Berger talks education with 'Moral Monday' protesters

Posted June 9, 2014
Updated June 11, 2014

Senate leader Phil Berger meets with "Moral Monday" protesters in the Legislative Building on June 9, 2014.

— Educators who came to the legislature to protest with the "Moral Monday" movement asked for a meeting with Senate President Pro Tem Phil Berger Monday night – and got one.

Berger, R-Rockingham, the top leader in the 50-member chamber, met for roughly an hour with the group of 15 teachers and parents who came to ask lawmakers to reverse course on Republican education policies. 

After Berger and members of his staff pulled couches that normally dot the second-floor hallway outside his office into a circle, Berger engaged in a wide-ranging discussion with the protesters that touched on cuts for teaching assistant positions, the new Read to Achieve requirements for third-graders and why pay raises for teachers were tied to abandoning their tenure rights. 

In the end, Berger and the protesters didn't see eye-to-eye on much, but the Senate leader did commit to trying to arrange a follow-up meeting regarding education issues. 

"I can't commit to any particular outcome," he told the group. Berger did not agree to back off his call to tie teacher raises to relinquishing tenure. 

The sometimes testy exchanges marked the first time a senior legislative leader met in public with members of the Moral Monday movement, a group of protesters who have rallied outside the legislature for the past year. 

After the meeting, the protesters canceled their plans for a sit-in at the building. They left after speaking to reporters and were not arrested.  

Bryan Proffitt, a 10-year public school veteran who helped guide much of the discussion, said teachers initially found it “incredibly discouraging” to arrive at Berger's office and find the door locked, but thanked the Senate leader for “a good conversation.”

"We’ll be back if these conditions are not met," he said. "The reality is, with all the media attention we’re getting right here and all this conversation, we’re going to be back with a whole lot more folks."

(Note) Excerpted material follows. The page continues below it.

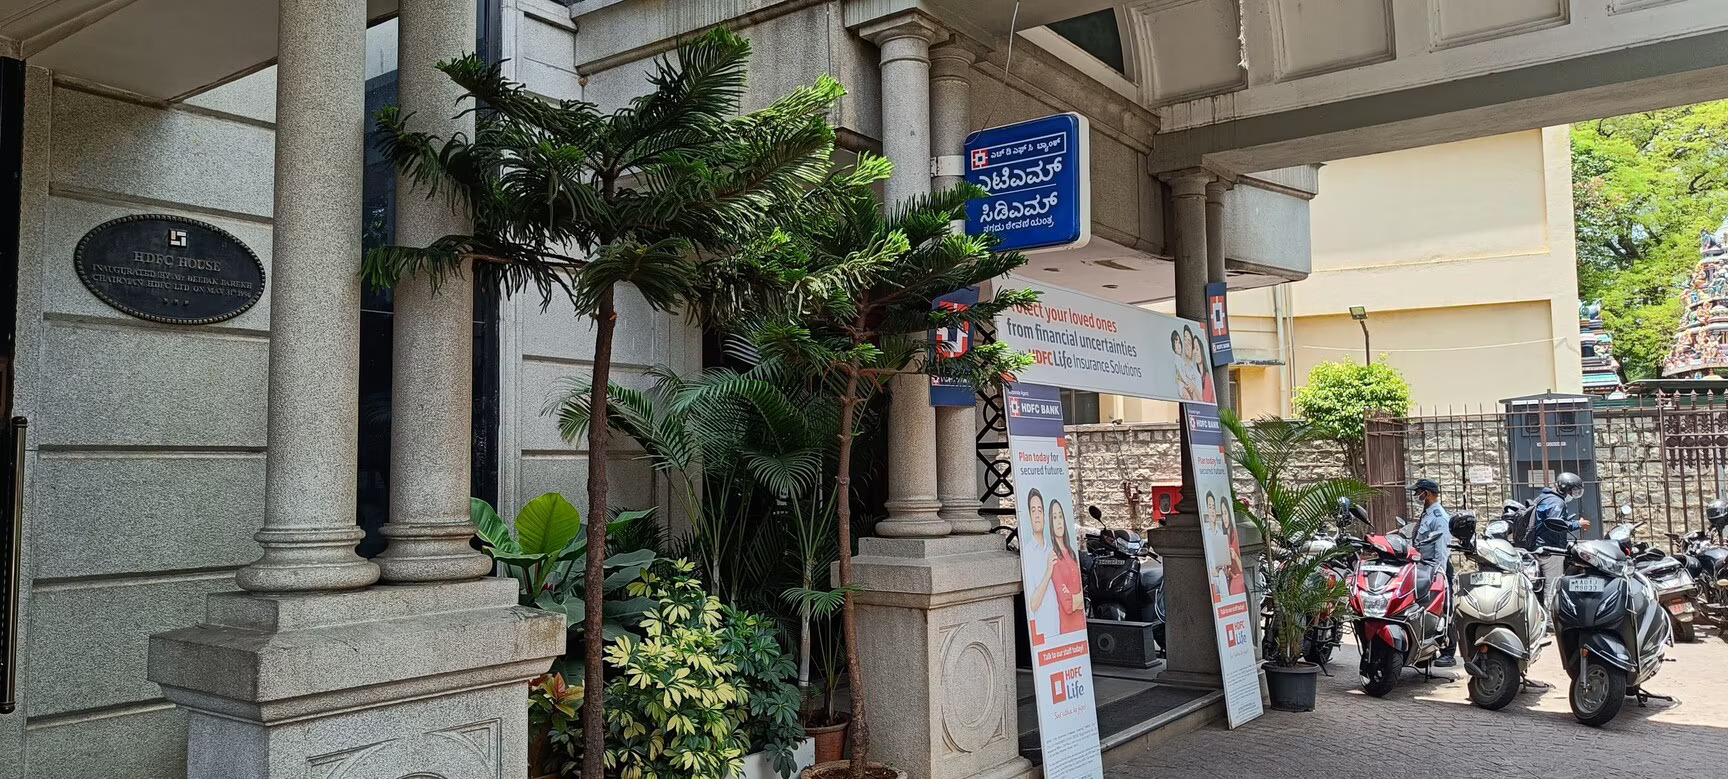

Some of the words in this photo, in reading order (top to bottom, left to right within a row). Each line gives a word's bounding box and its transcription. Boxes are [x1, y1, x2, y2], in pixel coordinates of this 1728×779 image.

No commitments to meet demands 

Once outside the Legislative Building, Proffitt called the meeting "a win" for the Moral Monday movement, eliciting cheers from well-wishers who had waited for the protesters to emerge. 

"To my understanding, this is the first time this has happened in this kind of way in the last couple of years," he said. "So, I think it represents a win for the movement, because I think we have put enough pressure on them that they realize they have to have a real conversation with us." 

Toward the end of Monday's sit-down, Berger handed protesters a 26-page amendment to the state budget bill his chamber passed earlier this month. He said the legislative language in the document would have addressed many, if not all of the demands put forward by the Moral Monday movement and its leader, Rev. William Barber. 

"We were unable to find a sponsor," Berger said of the language.

Those changes would have cost billions and required a hike in the corporate tax rate from 6 percent to 50 percent, according to an analysis by the legislature's fiscal research staff. 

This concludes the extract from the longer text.